● Exercise brief
Make a verbatim copy of the entries below; pictures stay out.

● Records from a data collection
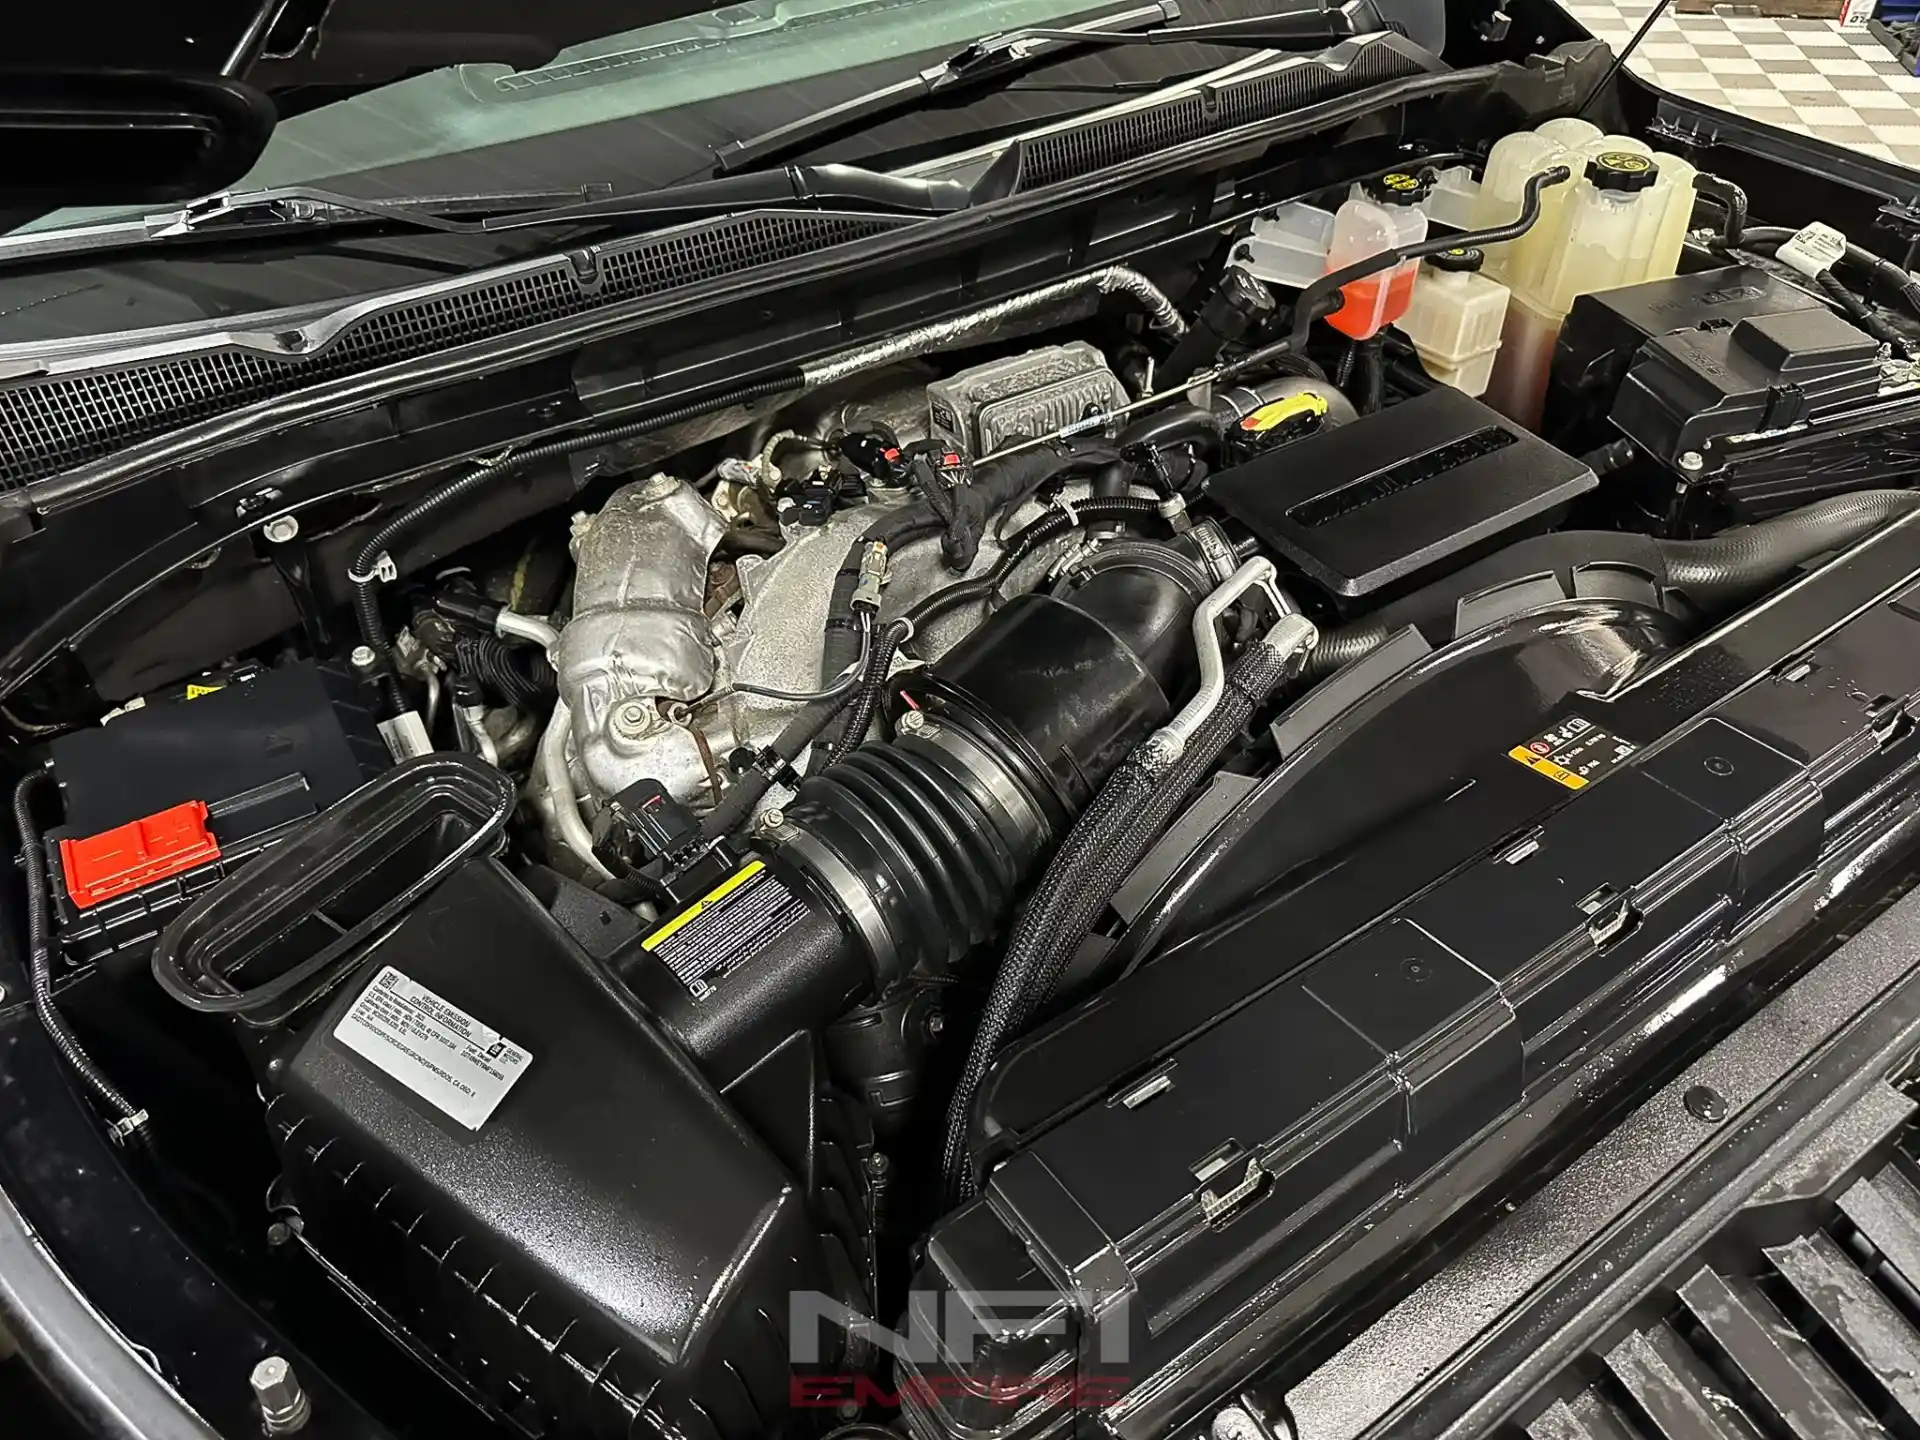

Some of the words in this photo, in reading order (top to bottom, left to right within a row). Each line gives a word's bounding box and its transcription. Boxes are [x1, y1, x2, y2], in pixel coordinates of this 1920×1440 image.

[409, 995, 436, 1014] CONTROL
[433, 1010, 472, 1037] INFORMATION
[420, 994, 445, 1012] VEHICLE
[442, 1007, 470, 1027] EMISSION
[505, 1047, 524, 1061] GENERAL

● The answer
Some of the words in this photo, in reading order (top to bottom, left to right within a row). Each line gives a word's bounding box and its transcription. Boxes are [x1, y1, x2, y2], in pixel coordinates of this 1920×1440 image.

[409, 995, 436, 1014] CONTROL
[433, 1010, 472, 1037] INFORMATION
[420, 994, 445, 1012] VEHICLE
[442, 1007, 470, 1027] EMISSION
[505, 1047, 524, 1061] GENERAL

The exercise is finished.